Kafka cloud targets lock-in anxiety
Uses who don't want to be tied into a cloud provider's streaming data framework would be targets for Confluent, according to Neha Narkhede, co-founder and CTO at Confluent, and part of the team that originally forged the Kafka messaging system inside social media giant LinkedIn.
Neha Narkhedeco-founder and CTO, Confluent
"As an industry we have moved away from proprietary systems. I think this is going to play out the same way in the public cloud as well," she said, speaking from the Kafka Summit in New York.

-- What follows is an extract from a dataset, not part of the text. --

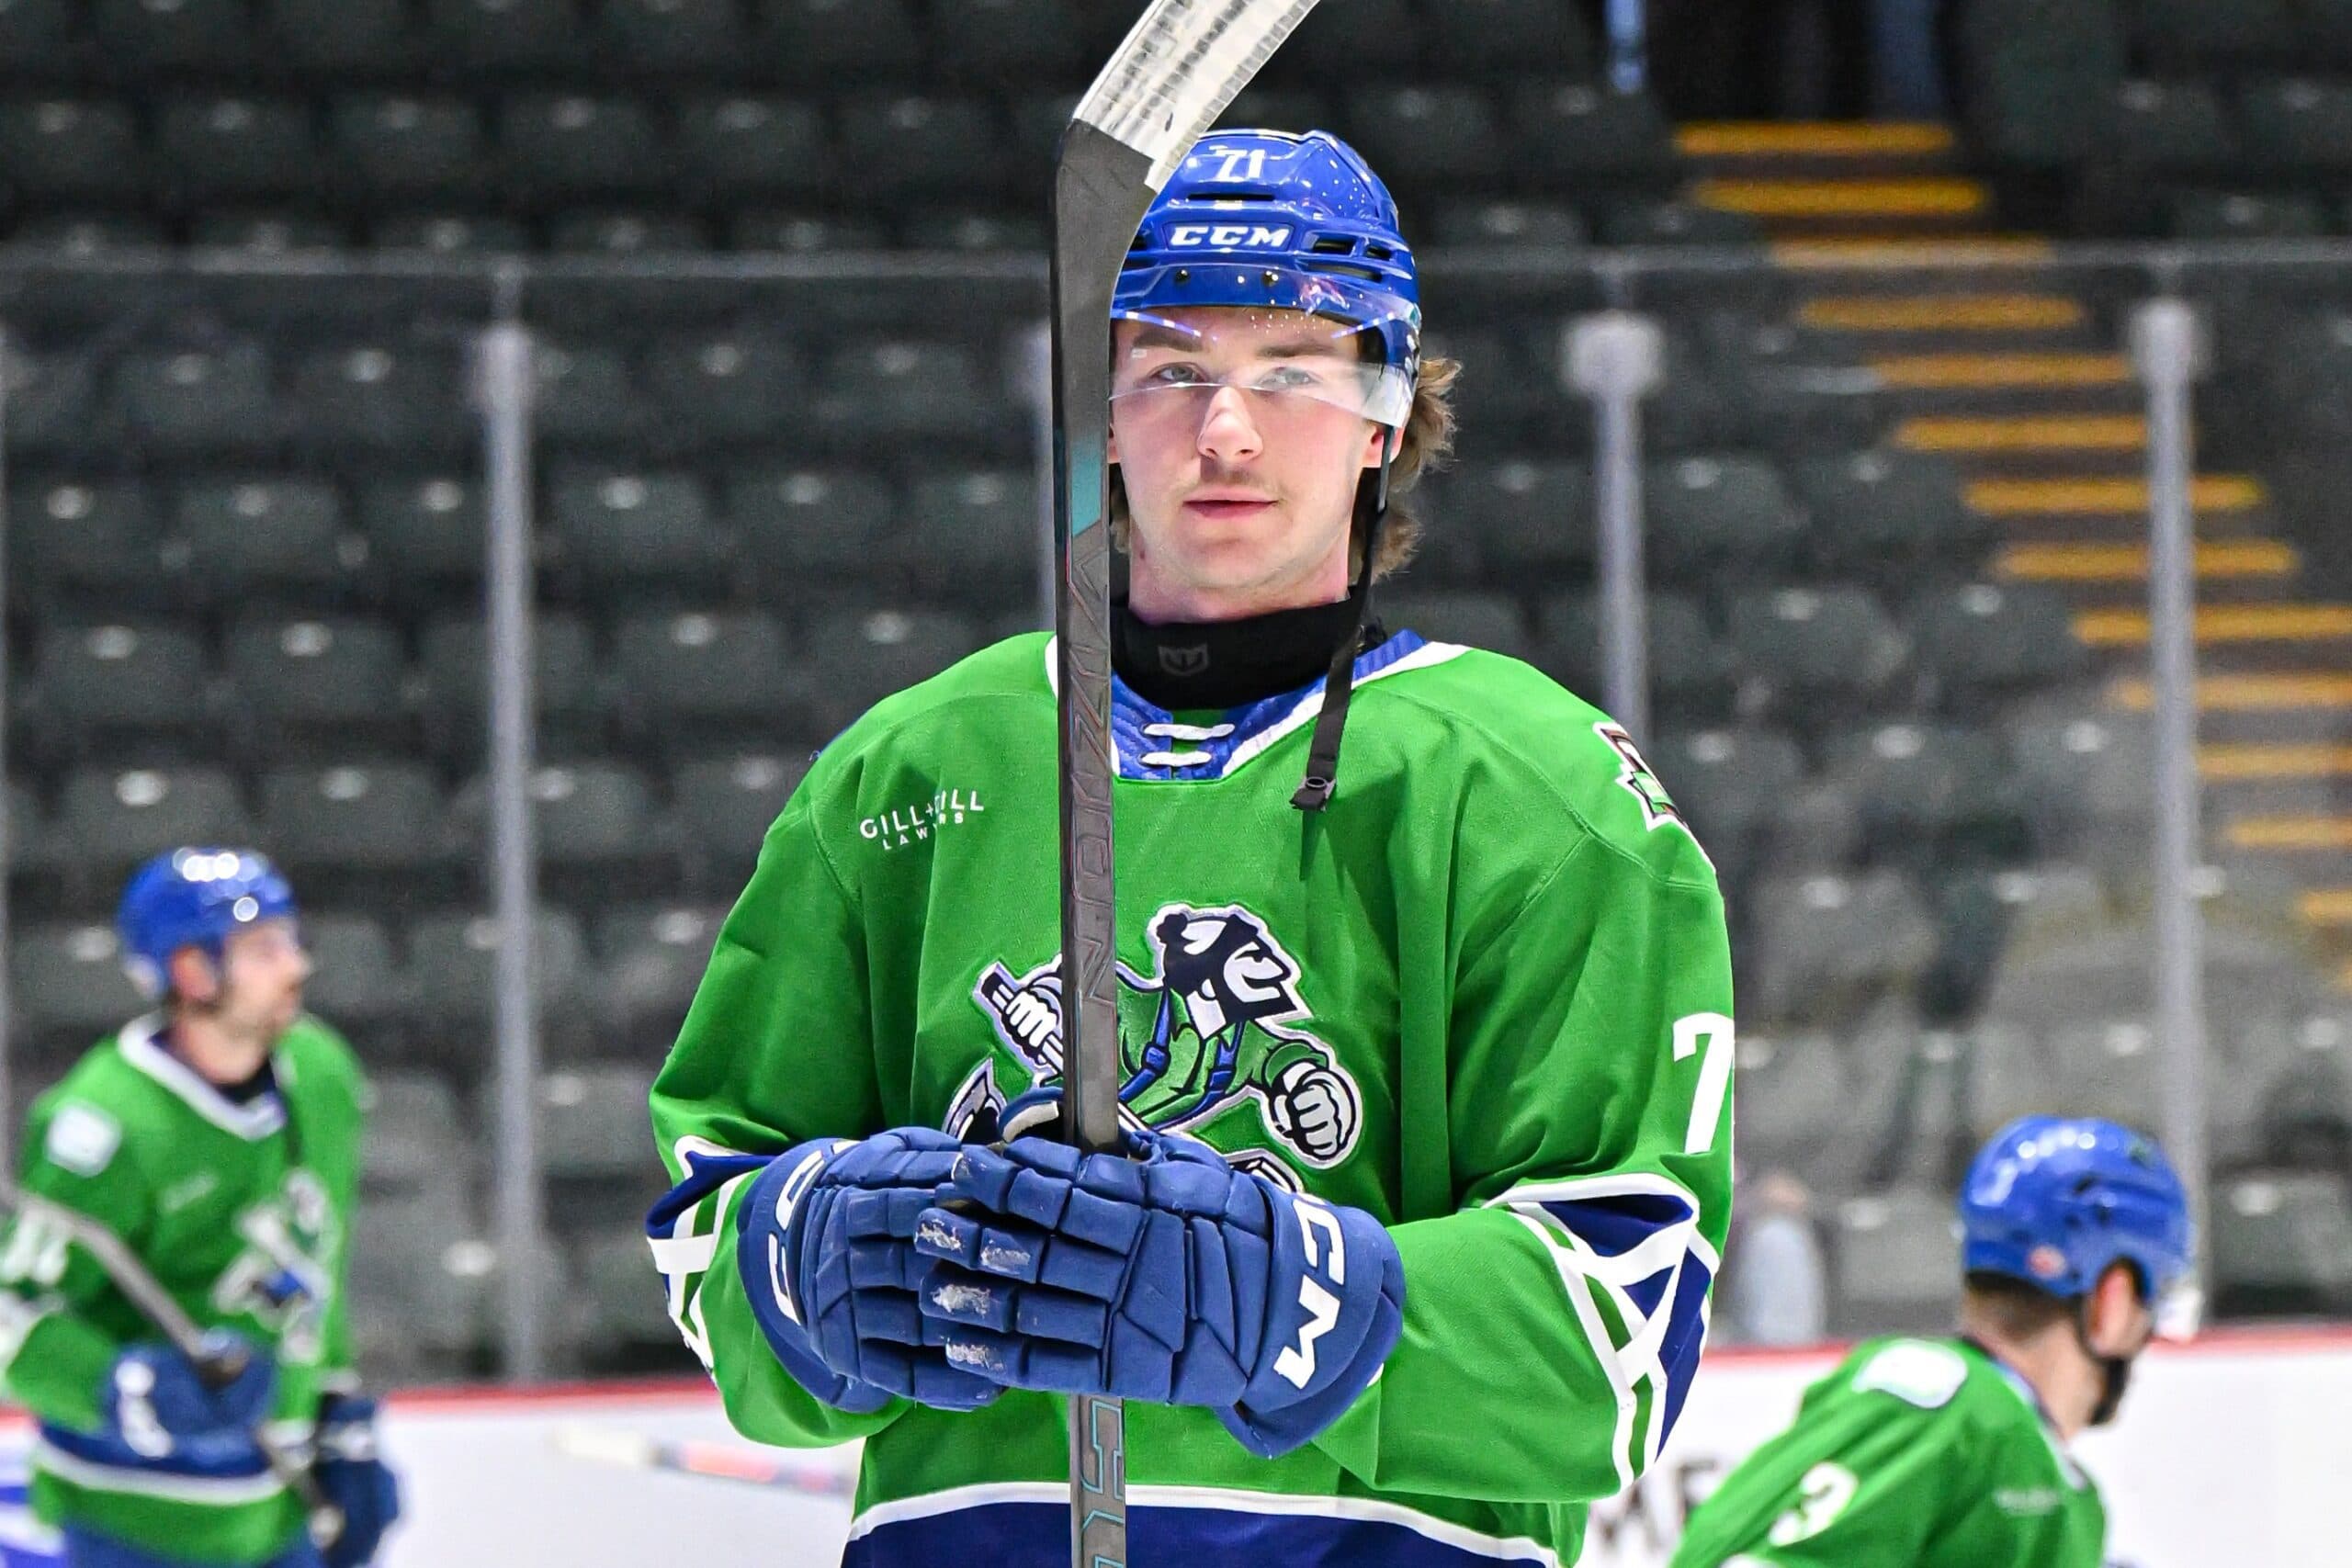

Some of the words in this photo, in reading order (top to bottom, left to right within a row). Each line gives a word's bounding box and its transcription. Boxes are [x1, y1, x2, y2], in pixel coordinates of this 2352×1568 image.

For Confluent, as for others, better support for deployment in the cloud is of growing interest. Narkhede said a recent survey conducted of over 350 Apache Kafka users by the company found that 52% already employ Kafka on the public cloud. But it is not always easy to use Kafka there.
Cloud providers may not bar customers from using Kafka on their clouds. But they don't necessarily make it as easy as their own managed services either.
Narkhede admitted that trouble shooting Kafka distributed systems and running them at scale can be hard, and said the company is working to ensure its Kafka cloud service will be quick to configure and maintain, as cluster usage grows.
Better cloud support for software like Kafka is part of a wide set of trends, according to Fintan Ryan, an analyst at RedMonk. Those trends see greater use of microservices and cloud-native development methods, as well as a desire for faster implementations.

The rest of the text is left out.